Host-based firewalls can create troubleshooting overhead and connectivity issues when network infrastructure already handles traffic filtering. Some environments rely on perimeter firewalls and network segmentation for security, making endpoint-level firewalls redundant. This Worklet removes that redundancy by disabling the host firewall when network-layer protections are sufficient.

Certain applications and services require specific network configurations that conflict with default firewall rules. Temporarily disabling the firewall can help diagnose connectivity issues or allow applications that need dynamic port assignments.

In development and testing environments, disabled firewalls simplify application testing and reduce variables when troubleshooting. The Worklet provides a controlled method for managing firewall state across multiple endpoints.

How firewall disabling works

1. Evaluation phase: The Worklet checks for /usr/sbin/ufw or /usr/bin/firewall-cmd to identify the firewall type. It then queries the service status using ufw status or firewall-cmd --state. If the firewall is active or running, the endpoint is flagged for remediation. Inactive firewalls require no action.

2. Remediation phase: For ufw systems, the Worklet runs ufw disable. For firewalld systems, it runs systemctl stop firewalld. The Worklet reports success or failure based on the command exit code.

Firewall disabling requirements

• Linux endpoint with ufw (Ubuntu/Debian) or firewalld (RHEL/CentOS/Fedora/SUSE)

• Root or sudo privileges to manage firewall services

• Verify network-level security controls are in place before disabling host firewalls

Expected network state after firewall removal

After successful remediation, the endpoint no longer filters network traffic at the host level, and all network ports become accessible based on application configurations and network-level controls. You can verify this state by running ufw status on Ubuntu/Debian systems, which will show Status: inactive. On RHEL-family systems, running firewall-cmd --state will return not running.

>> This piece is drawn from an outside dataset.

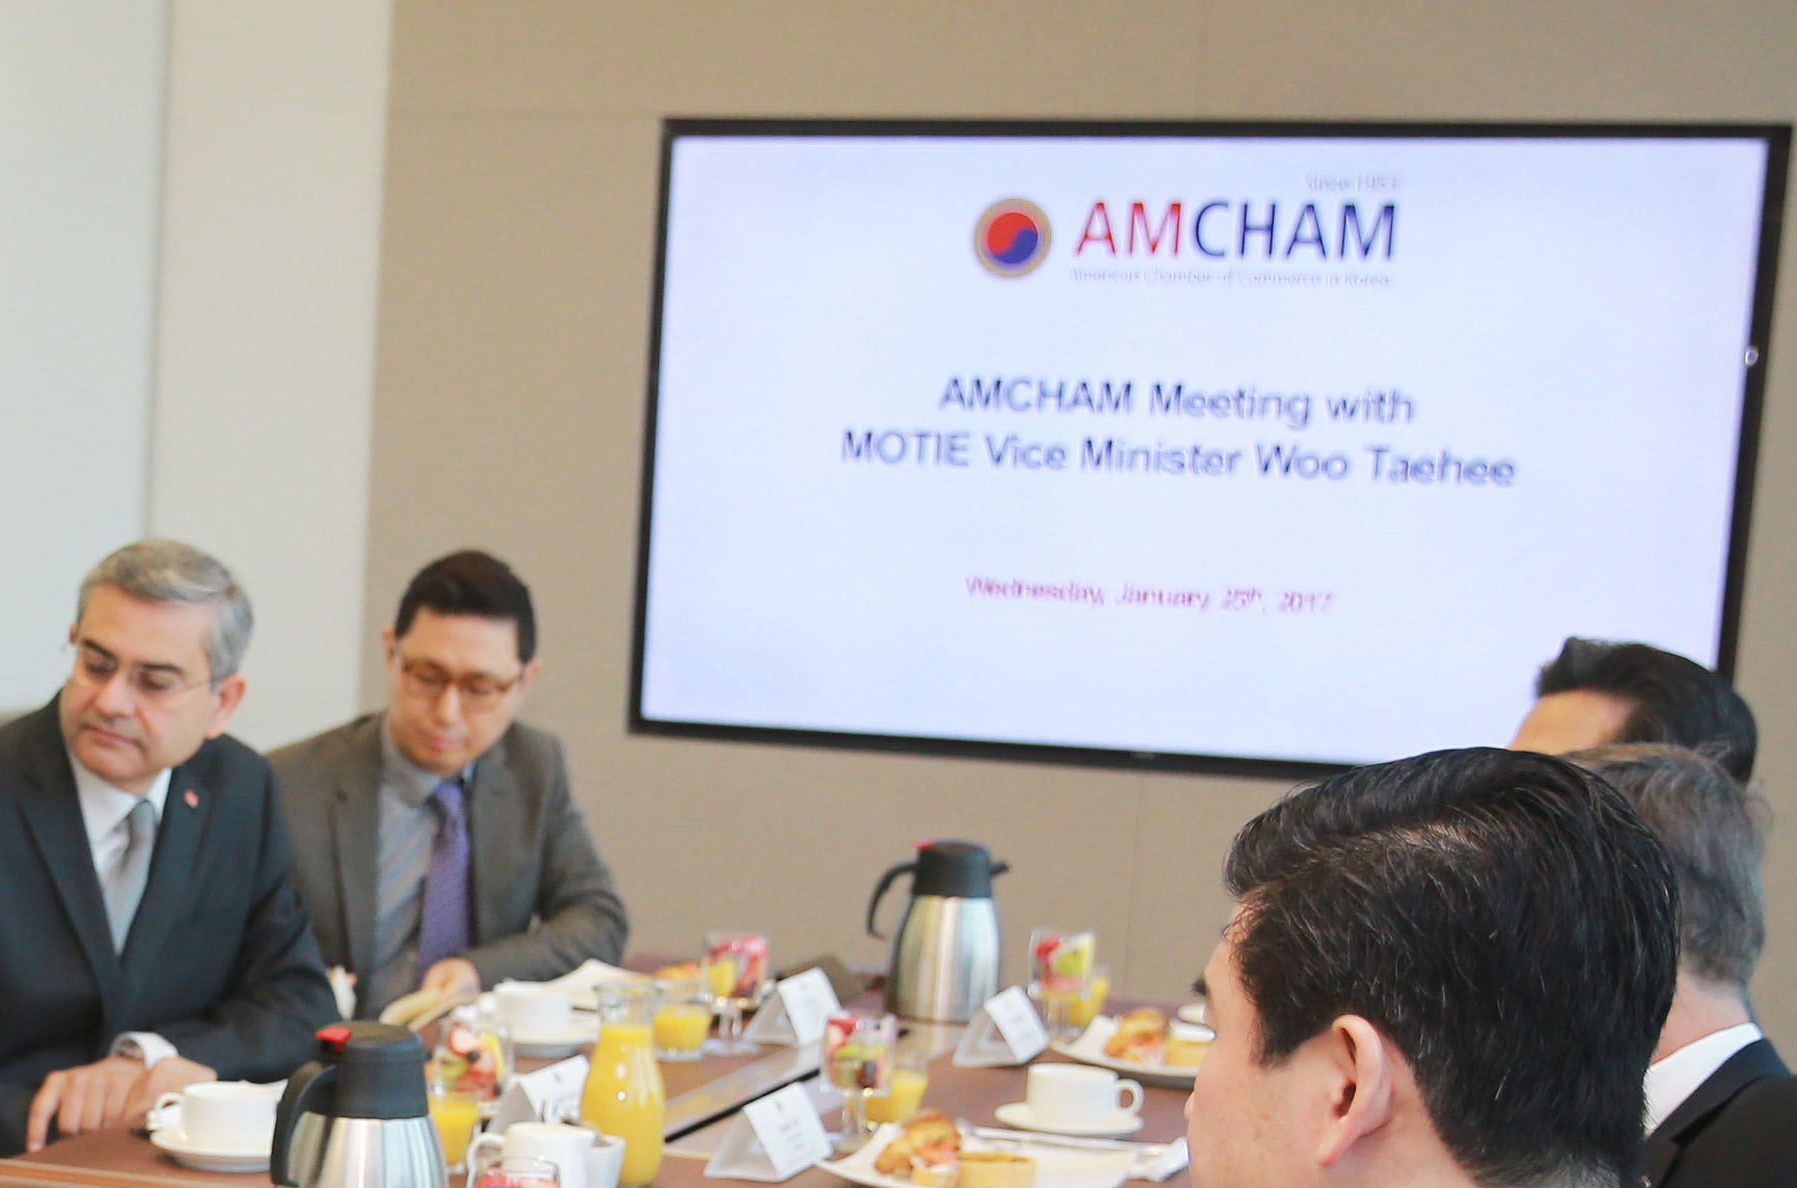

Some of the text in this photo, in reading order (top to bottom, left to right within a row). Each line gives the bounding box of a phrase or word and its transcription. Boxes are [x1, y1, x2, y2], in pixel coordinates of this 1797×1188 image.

All network ports are accessible based on application configurations and network-level controls. The endpoint accepts incoming connections on any port where a service is listening. Consider deploying the companion Enable Firewall Worklet if you need to restore firewall protection.

How to validate disable firewall changes

1. Run this Worklet on a pilot Linux endpoint and review evaluation output for disable firewall.

2. Confirm Automox activity logs show successful completion and exit code 0.

3. Verify endpoint state using checks aligned to evaluation script logic, such as elif, else, exit.

4. Validate remediation effects from script operations such as elif, else, exit, then rerun evaluation for compliance.

For technical validation, compare endpoint state to the Worklet evaluation logic and remediation flow for disable firewall. This supports repeatable system preferences workflows, faster change control review, and auditable compliance evidence.

Useful script references for this Worklet include evaluation operations such as elif, else, exit and remediation operations such as elif, else, exit. Use these indicators to verify that endpoint changes match intended policy outcomes.